[Work instructions]
Omit the images. Reproduce each line of the records exactly as it appears.

[Task material]
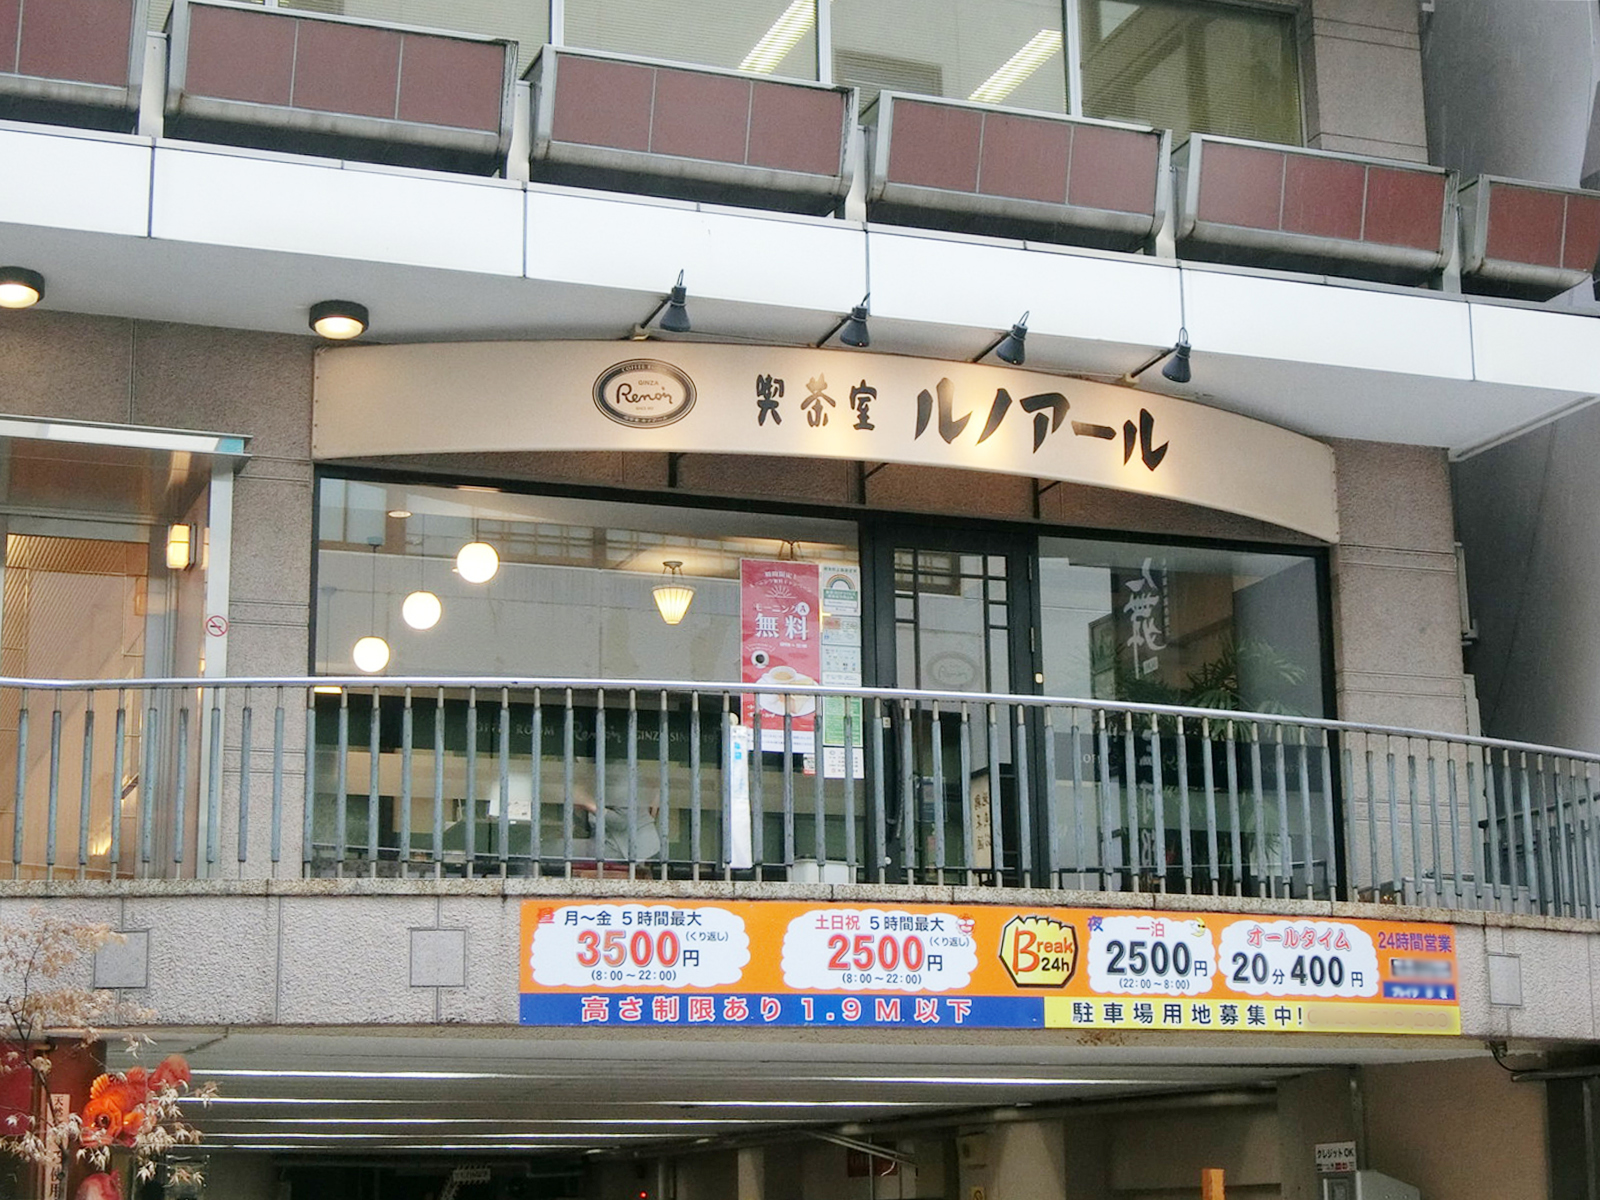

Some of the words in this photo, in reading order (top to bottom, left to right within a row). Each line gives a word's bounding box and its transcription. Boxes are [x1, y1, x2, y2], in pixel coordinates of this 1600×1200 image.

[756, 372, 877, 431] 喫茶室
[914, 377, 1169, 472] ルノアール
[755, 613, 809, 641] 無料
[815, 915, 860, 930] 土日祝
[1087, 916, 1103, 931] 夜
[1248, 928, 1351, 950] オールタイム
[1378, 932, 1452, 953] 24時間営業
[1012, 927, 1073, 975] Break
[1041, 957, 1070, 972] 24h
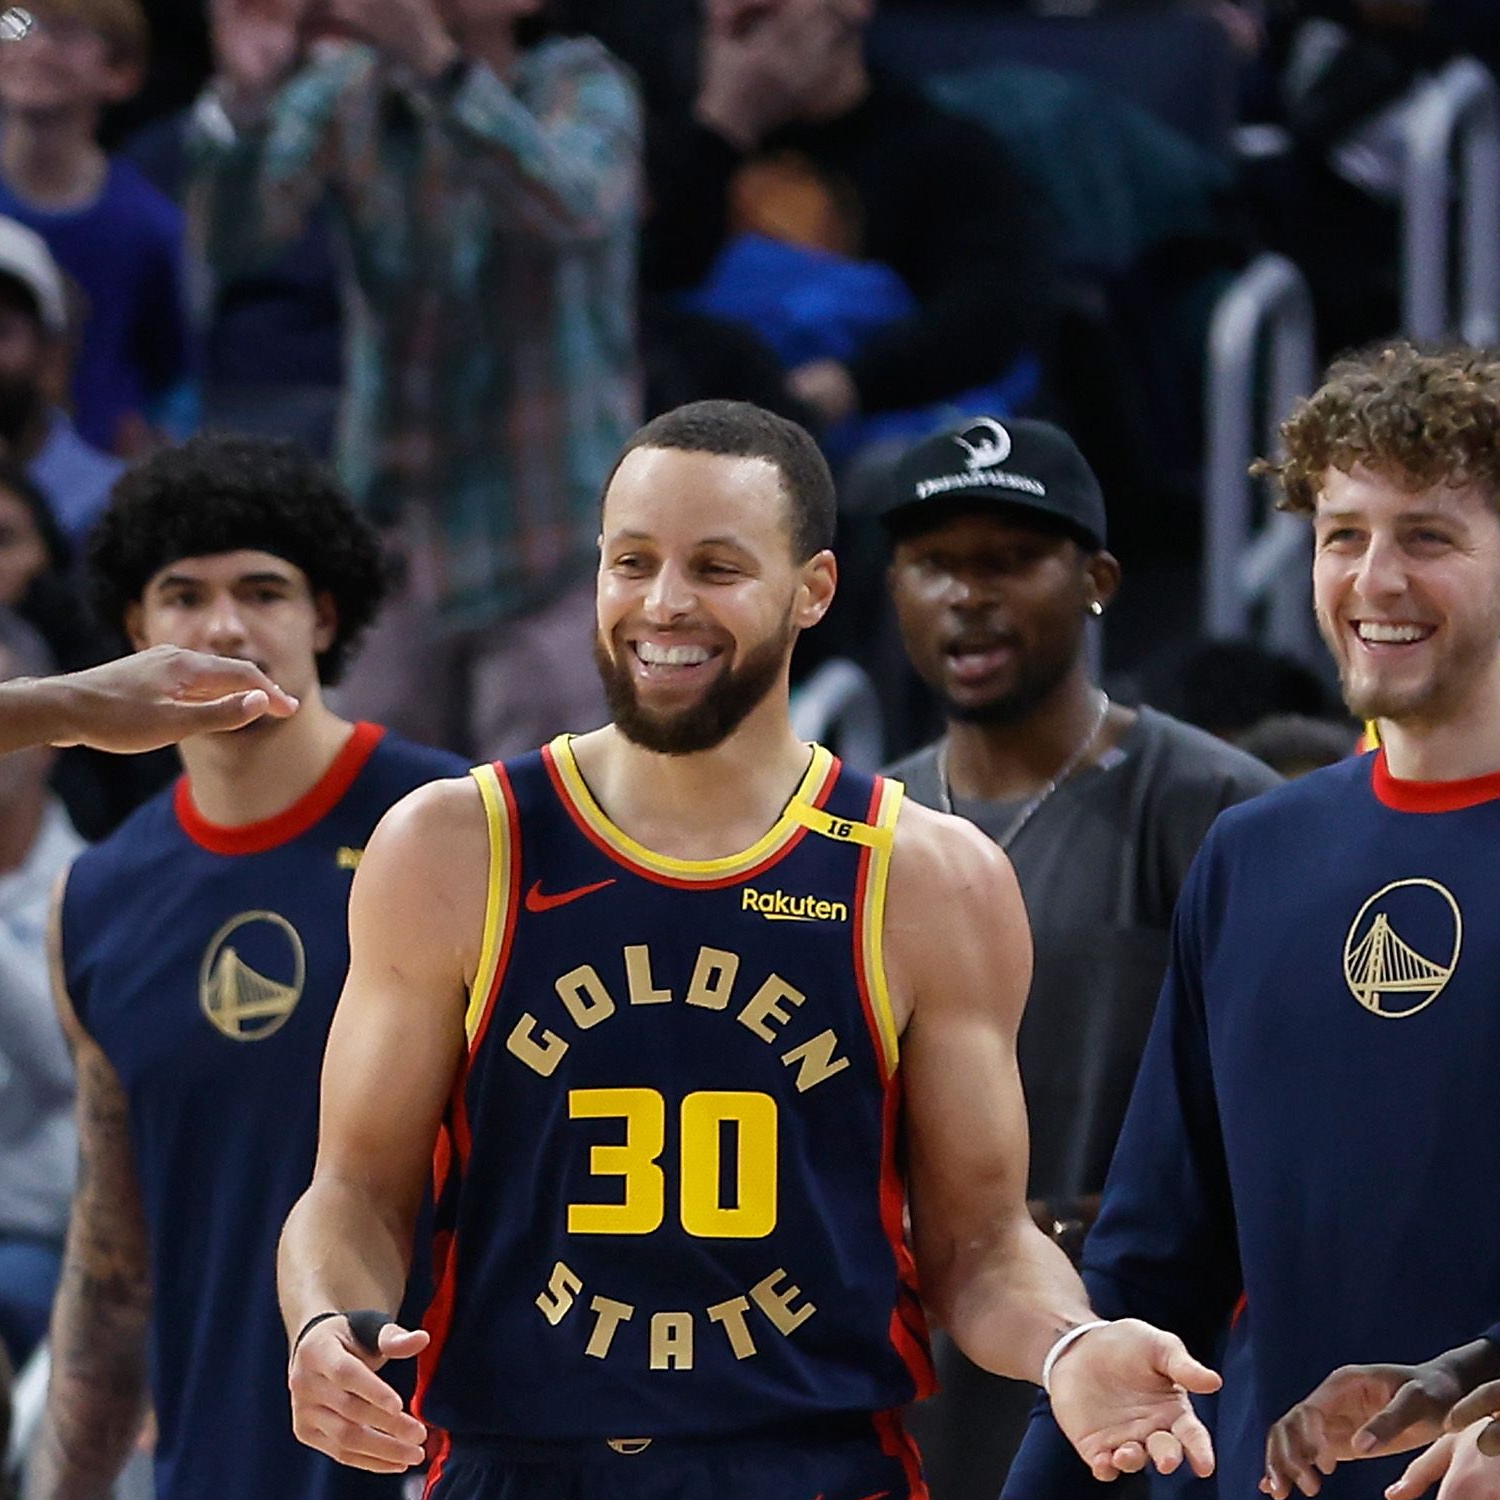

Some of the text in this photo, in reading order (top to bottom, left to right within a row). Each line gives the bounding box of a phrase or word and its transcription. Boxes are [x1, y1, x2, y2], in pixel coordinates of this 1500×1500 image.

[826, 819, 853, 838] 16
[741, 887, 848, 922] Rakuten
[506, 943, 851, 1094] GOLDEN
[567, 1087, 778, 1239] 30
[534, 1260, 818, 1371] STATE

[Reply]
Some of the words in this photo, in reading order (top to bottom, left to right within a row). Each line gives a word's bounding box and its transcription. Boxes are [x1, y1, x2, y2], in pixel coordinates of this 1600×1200 image.

[756, 372, 877, 431] 喫茶室
[914, 377, 1169, 472] ルノアール
[755, 613, 809, 641] 無料
[815, 915, 860, 930] 土日祝
[1087, 916, 1103, 931] 夜
[1248, 928, 1351, 950] オールタイム
[1378, 932, 1452, 953] 24時間営業
[1012, 927, 1073, 975] Break
[1041, 957, 1070, 972] 24h

Some of the text in this photo, in reading order (top to bottom, left to right within a row). Each line gives the bounding box of a phrase or word and its transcription. Boxes are [x1, y1, x2, y2], in pixel coordinates of this 1500×1500 image.

[826, 819, 853, 838] 16
[741, 887, 848, 922] Rakuten
[506, 943, 851, 1094] GOLDEN
[567, 1087, 778, 1239] 30
[534, 1260, 818, 1371] STATE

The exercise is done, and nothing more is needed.